Extensive research, however, suggests strongly that CON programs have not worked as originally intended. It appears, in fact, that they may have boosted the very costs they were supposed to control for these reasons: 1) they restrict competition among hospitals, and 2) by curtailing efficient capital investments they actually raise operating costs.
An analysis by Wharton School economist Mark Pauly compared states that had enacted CON laws with those that had not and found no effect on overall capital investment. In a 1988 article, Pauly wrote of his findings, "The surveys did find evidence that the form of investment was altered, away from beds toward other facilities, and that the consequence of restricted supply was higher prices." Interestingly, Pauly also observed that CON programs "tended to be `captured' or dominated by the hospitals they were intended to regulate, and that those hospitals used regulation to keep out competition."
CON programs vary in their emphasis from state to state, but examination of the available data shows that when large projects are targeted, hospitals make investments in small projects. When CONs focus on hospitals, investments are made in non-hospital facilities.
The gains from avoiding or removing the duplication of facilities through the use of CONs are small, according to a 1980 study. Only a miniscule amount of medical cost inflation over the previous few decades can be attributed to duplication, reported William B. Schwartz and Paul L. Joskow in the prestigious New England Journal of Medicine. Meanwhile, the CON process itself is ever more costly, requiring extensive monitoring, paperwork and bureaucracy.
In any event, perhaps this is an area where costs should be measured in more than dollars and cents. A 1988 analysis from Northwestern University surveyed the hospital records of more than 200,000 patients in 45 states. It found that those states with the most stringent CON regulations had mortality rates 5 to 6 percent higher than states with less stringent regulations.
Since Michigan's CON program was reformed in 1988, the CON Commission has exercised restraint in vetoing requests from hospitals for approval of capital construction projects. Of 83 proposed projects covered by the CON program between May 1988 and October 1991, only two were denied. Some legislators, however, feel that further deregulation is advisable.
Currently, CON approval is required in Michigan for clinical construction projects over $850,000 and non-clinical projects over $1.7 million. The Senate-passed bill now under review in the House would raise those thresholds to $2 million and $3 million, respectively.

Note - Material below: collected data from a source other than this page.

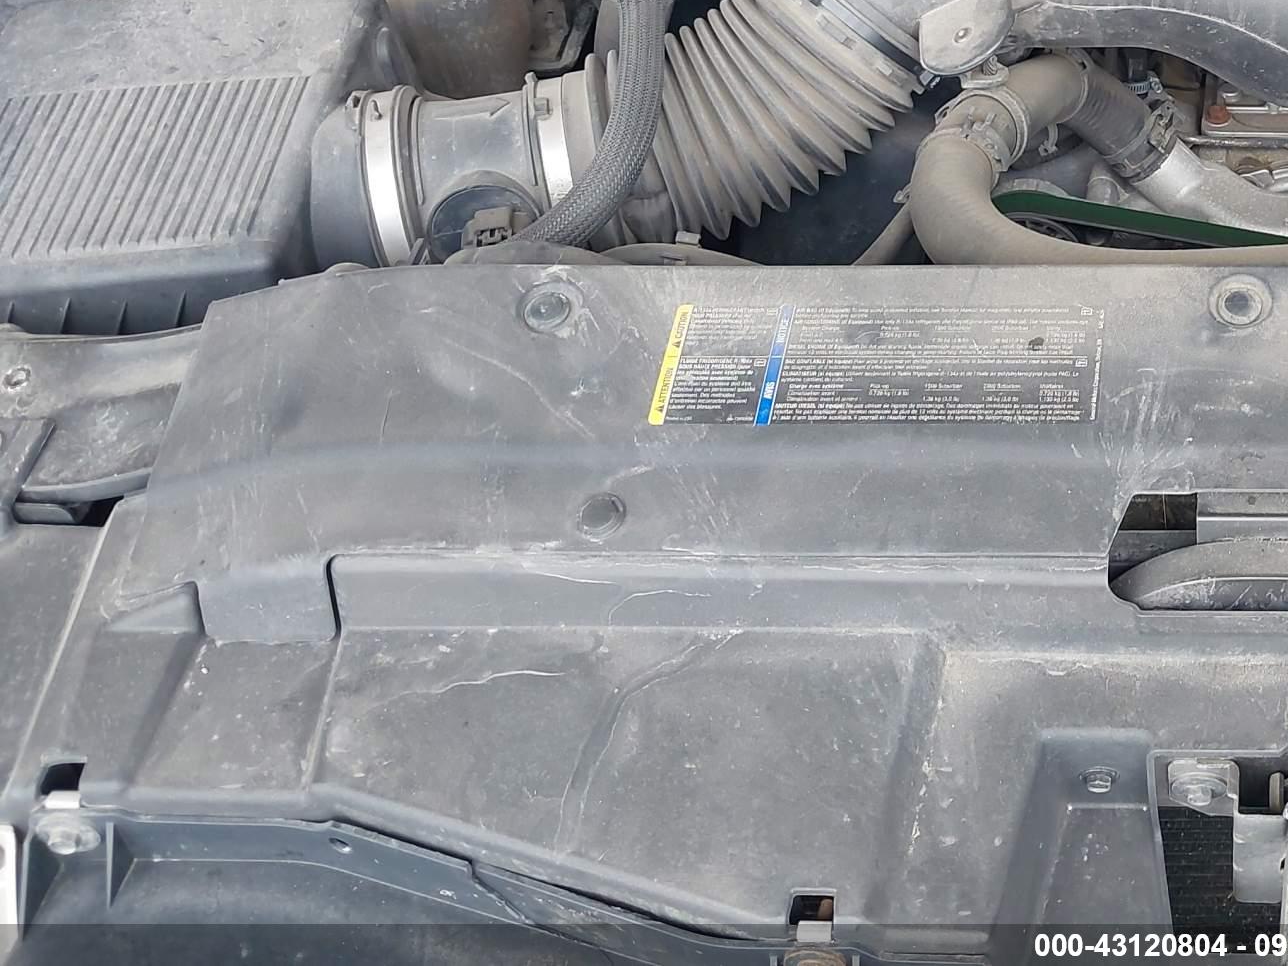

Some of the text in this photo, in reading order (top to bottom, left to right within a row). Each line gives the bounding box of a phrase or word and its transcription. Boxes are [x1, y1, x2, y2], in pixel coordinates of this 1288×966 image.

[676, 312, 690, 338] CAUTION
[776, 318, 790, 343] NOTICE
[658, 367, 674, 406] ATTENTION
[763, 381, 776, 399] AVIS
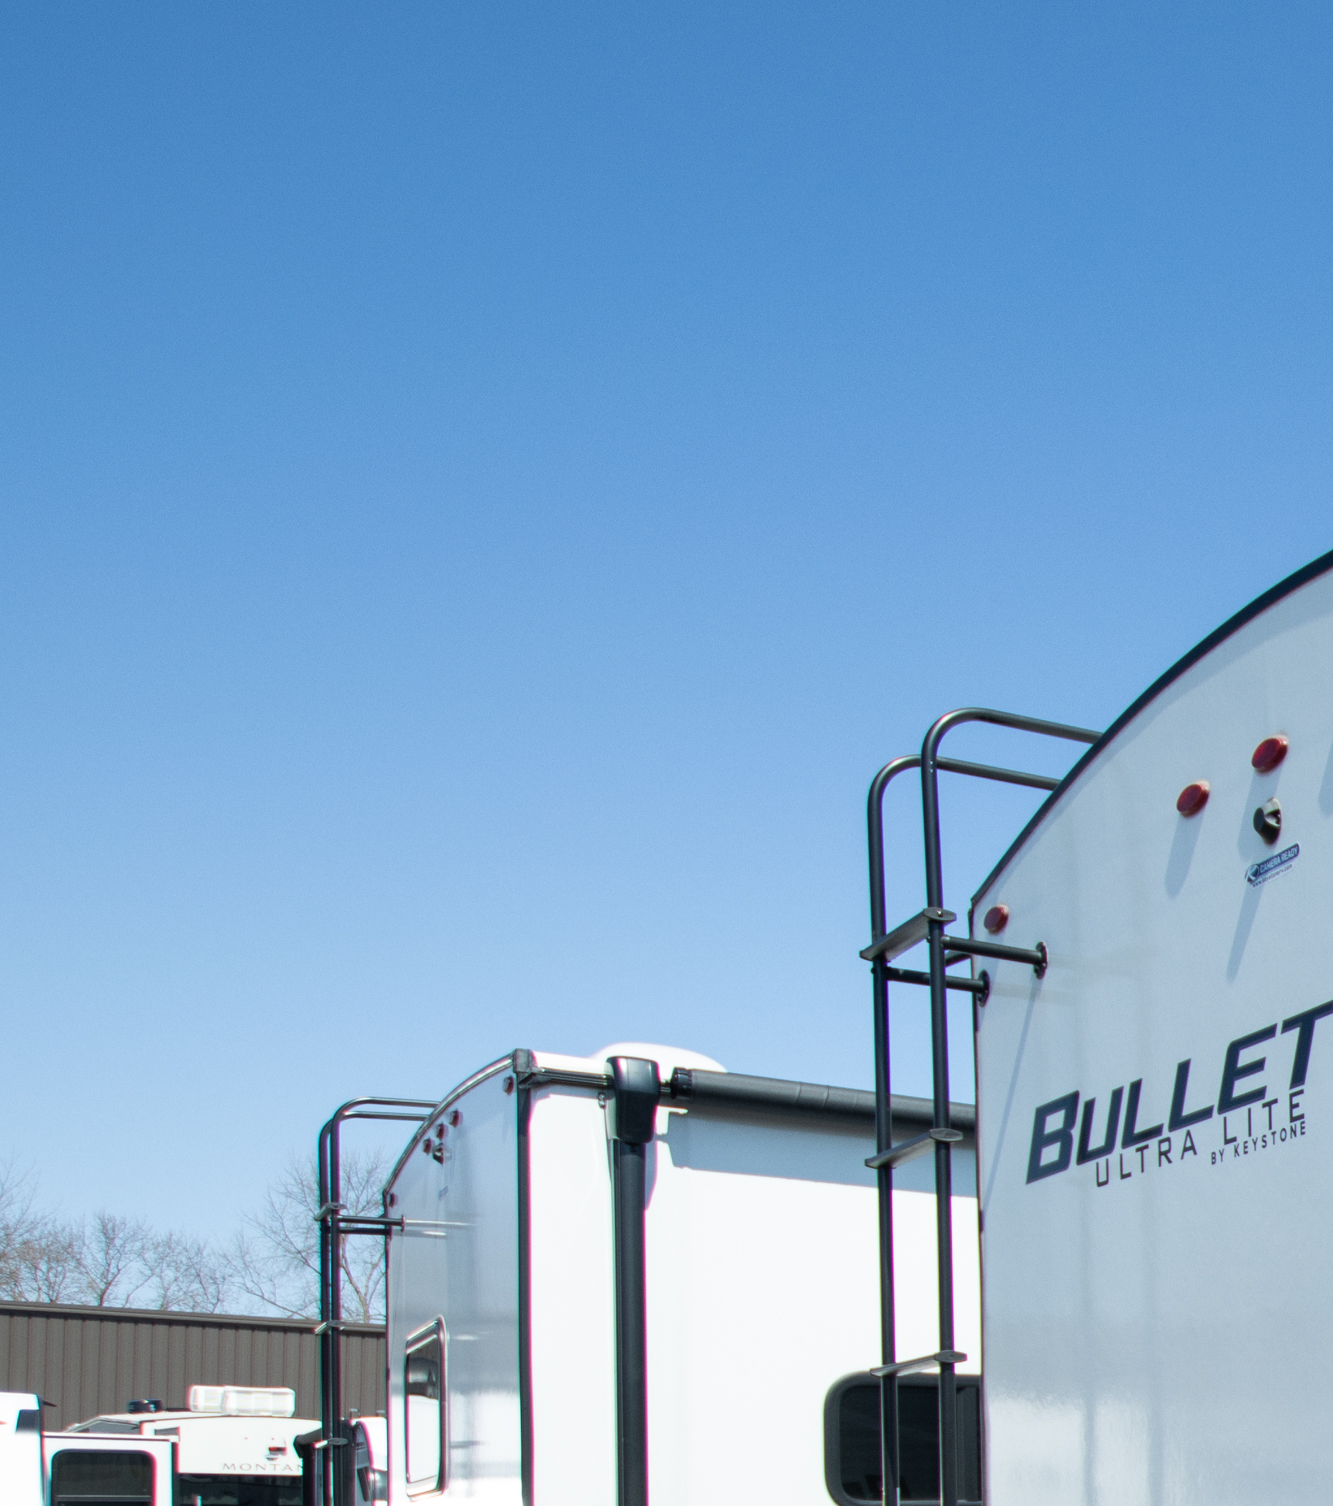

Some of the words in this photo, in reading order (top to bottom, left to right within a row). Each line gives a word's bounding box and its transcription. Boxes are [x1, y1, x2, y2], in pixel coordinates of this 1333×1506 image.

[1095, 1129, 1198, 1188] ULTRA
[1223, 1089, 1305, 1145] LITE
[1211, 1149, 1225, 1165] BY
[1234, 1120, 1306, 1158] KEYSTONE
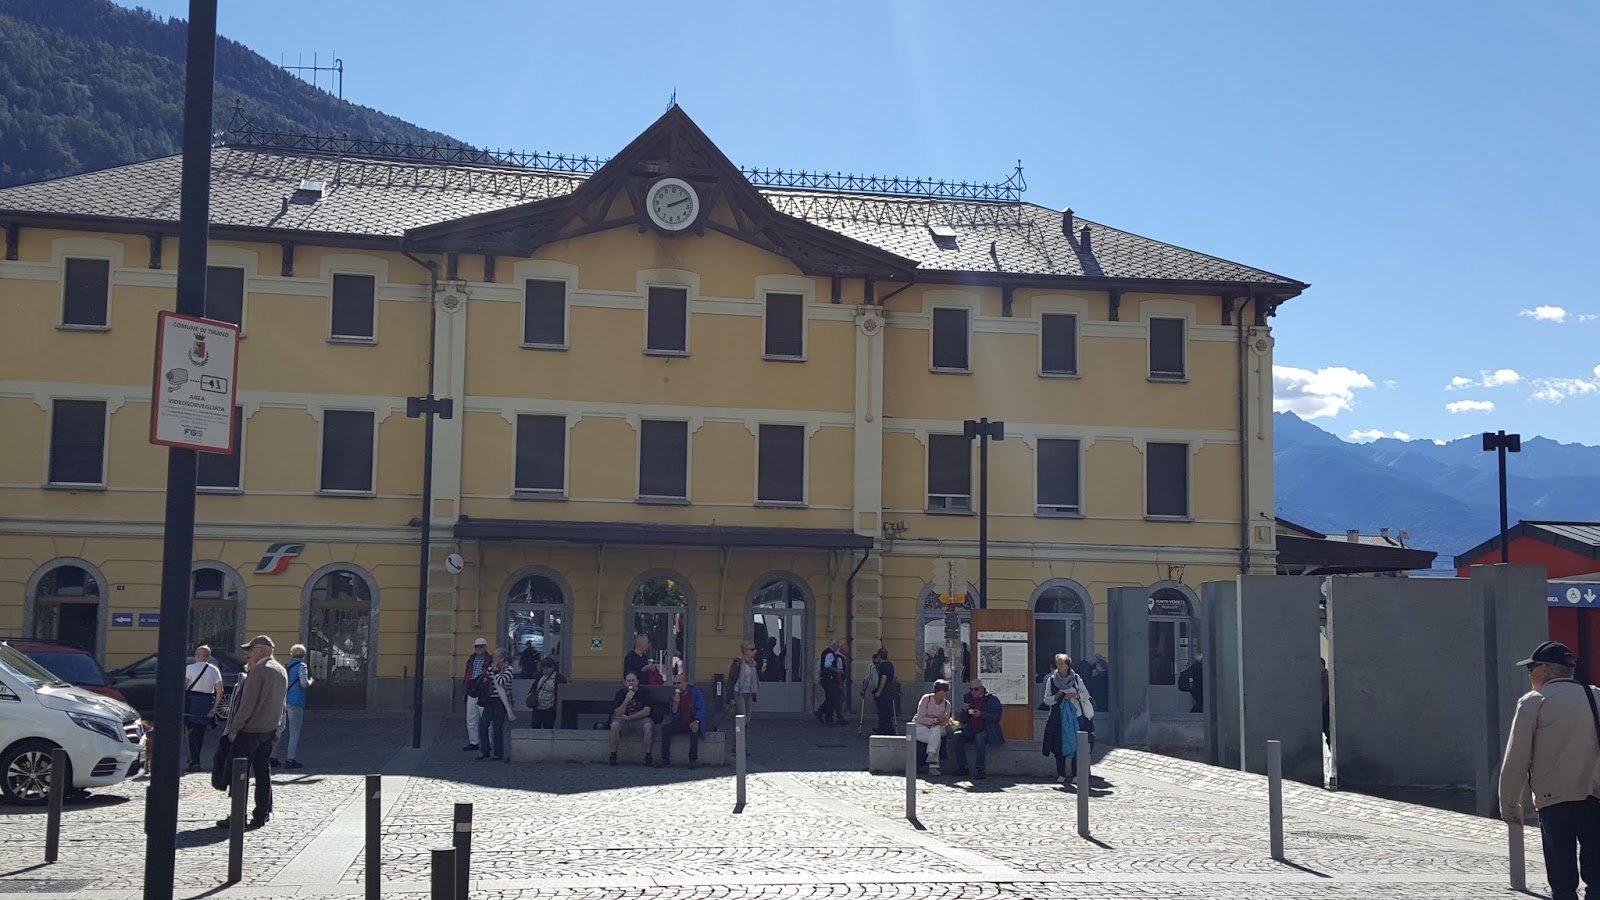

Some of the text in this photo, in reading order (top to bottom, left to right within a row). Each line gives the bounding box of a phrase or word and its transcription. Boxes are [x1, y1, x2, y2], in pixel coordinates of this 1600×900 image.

[173, 322, 198, 332] COMUNE
[208, 329, 229, 338] TIRANO
[168, 399, 225, 412] VIDEOSORVEGLIATA

The bill would also permit more MRI units in rural counties, reduce the program's ability to micromanage administrative decisions made by hospitals and nursing homes, and cut the paperwork burden.
Recognizing the harm that CON regulations have done, a number of states have now relaxed, ended, or are planning to end their CON programs altogether. Abolition of CON programs makes even more sense if coupled with other market-oriented reforms. That would include policies that strengthen competition in the medical marketplace, encourage consumers to be better-informed "shoppers" for medical care, and end the reimbursement practices of federal and state governments that simply subsidize and reward ever higher costs.
Nothing in economic experience suggests that government bureaucracy more efficiently allocates scarce capital resources than free and competitive markets. It appears that Certificate of Need programs are no exception to this cardinal rule.